§ MATERIAL FOR THIS EXERCISE:
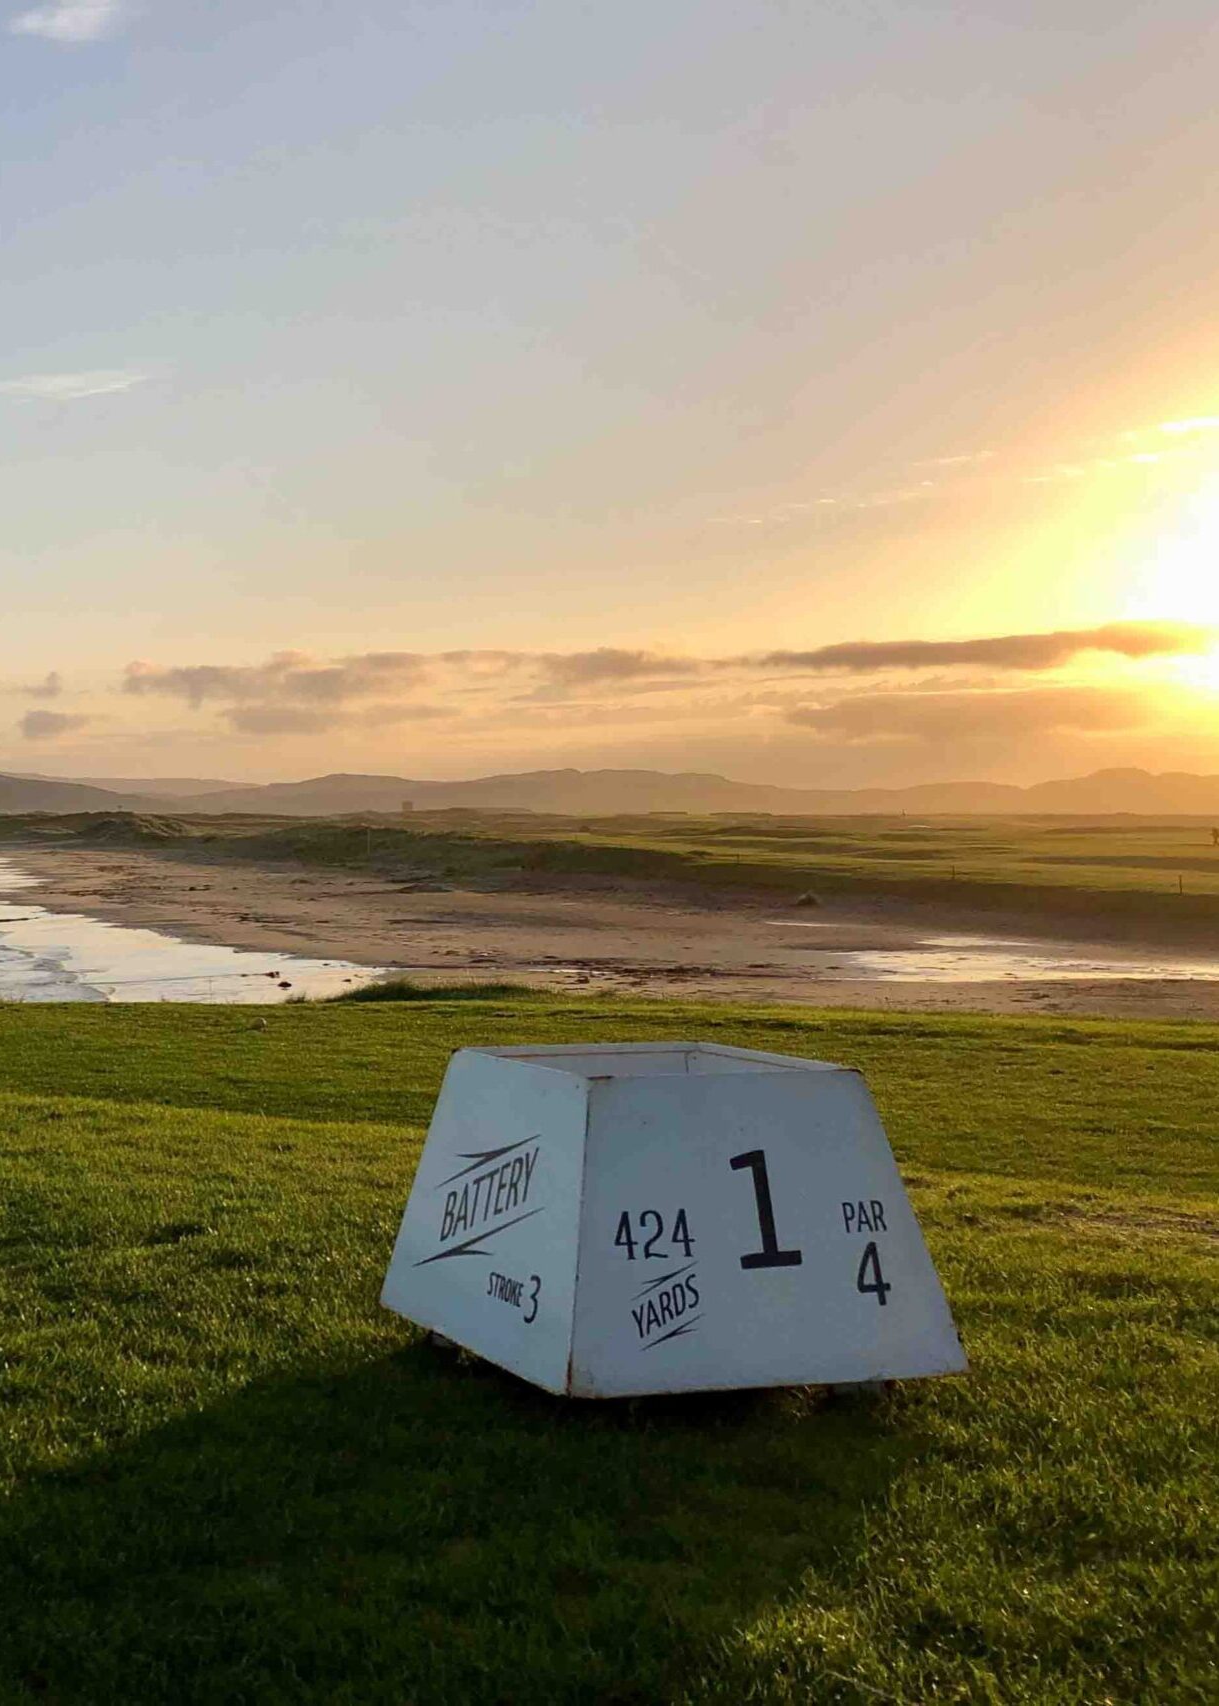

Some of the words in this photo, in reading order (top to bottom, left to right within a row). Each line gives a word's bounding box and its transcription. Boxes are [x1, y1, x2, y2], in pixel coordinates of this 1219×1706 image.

[440, 1148, 540, 1242] BATTERY
[730, 1150, 802, 1269] 1
[842, 1201, 887, 1233] PAR
[615, 1209, 696, 1260] 424
[487, 1271, 524, 1308] STROKE
[524, 1276, 541, 1324] 3
[858, 1242, 892, 1306] 4
[632, 1274, 700, 1339] YARDS
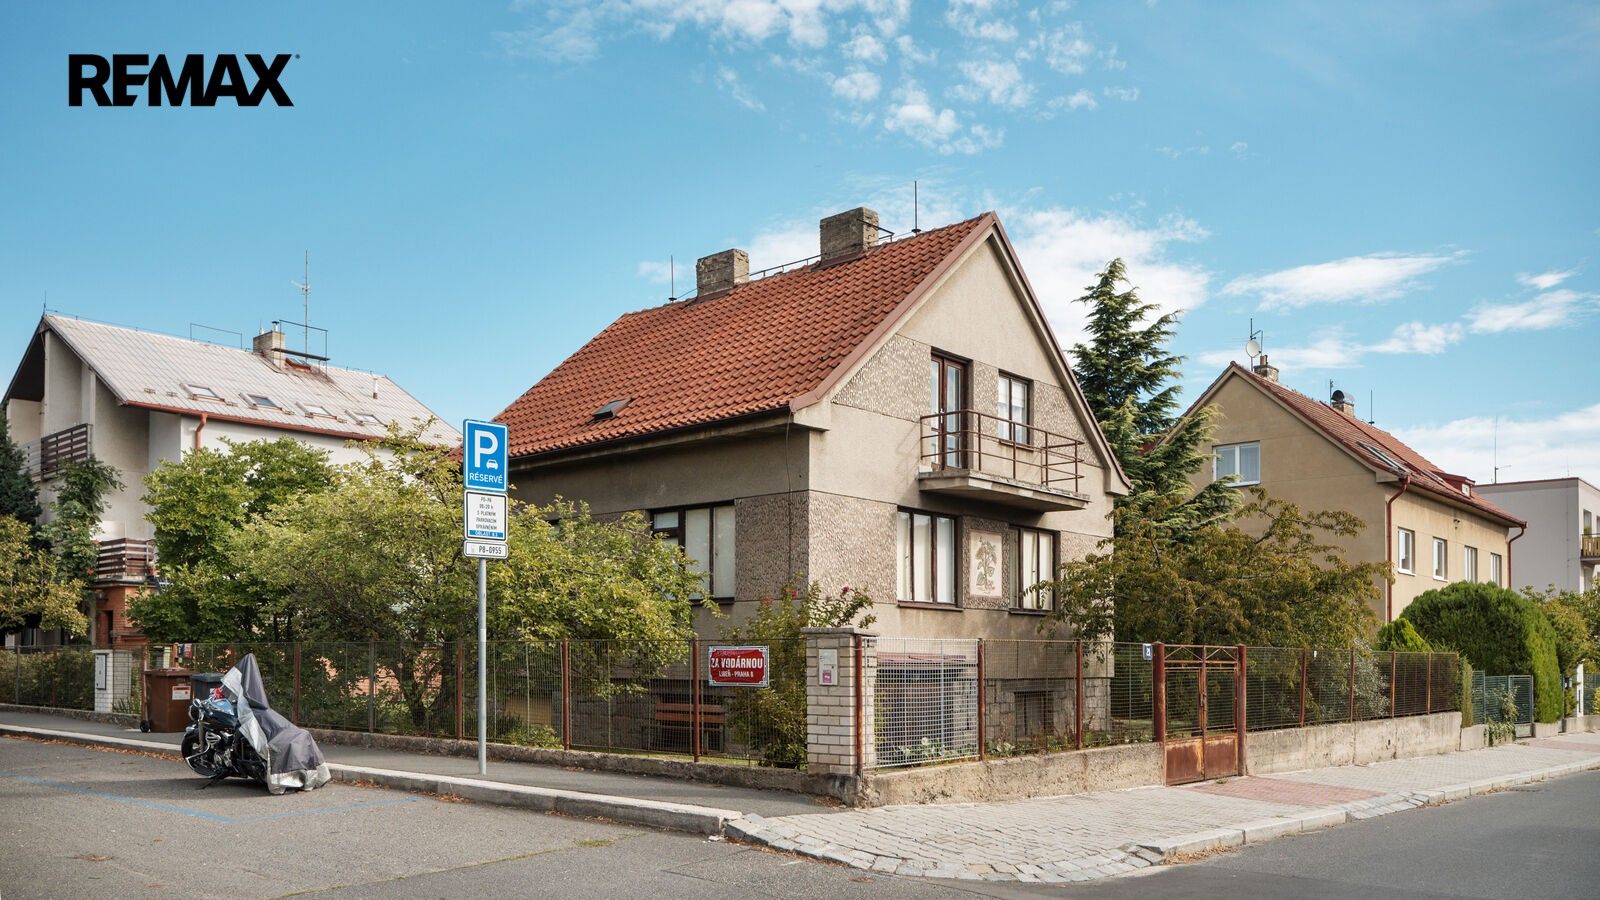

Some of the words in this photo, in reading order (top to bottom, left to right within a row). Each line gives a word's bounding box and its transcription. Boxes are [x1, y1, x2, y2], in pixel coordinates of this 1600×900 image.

[474, 429, 498, 468] P
[469, 471, 503, 484] RÉSERVÉ
[479, 545, 502, 554] P8-0955
[711, 657, 720, 668] ZA
[721, 656, 763, 668] VODÁRNOU

§ REQUIRED WORK:
The entries above need to be transcribed exactly, with the images left out.

§ FINISHED TASK:
Some of the words in this photo, in reading order (top to bottom, left to right within a row). Each line gives a word's bounding box and its transcription. Boxes are [x1, y1, x2, y2], in pixel coordinates of this 1219×1706 image.

[440, 1148, 540, 1242] BATTERY
[730, 1150, 802, 1269] 1
[842, 1201, 887, 1233] PAR
[615, 1209, 696, 1260] 424
[487, 1271, 524, 1308] STROKE
[524, 1276, 541, 1324] 3
[858, 1242, 892, 1306] 4
[632, 1274, 700, 1339] YARDS

Some of the words in this photo, in reading order (top to bottom, left to right within a row). Each line gives a word's bounding box and its transcription. Boxes are [x1, y1, x2, y2], in pixel coordinates of this 1600×900 image.

[474, 429, 498, 468] P
[469, 471, 503, 484] RÉSERVÉ
[479, 545, 502, 554] P8-0955
[711, 657, 720, 668] ZA
[721, 656, 763, 668] VODÁRNOU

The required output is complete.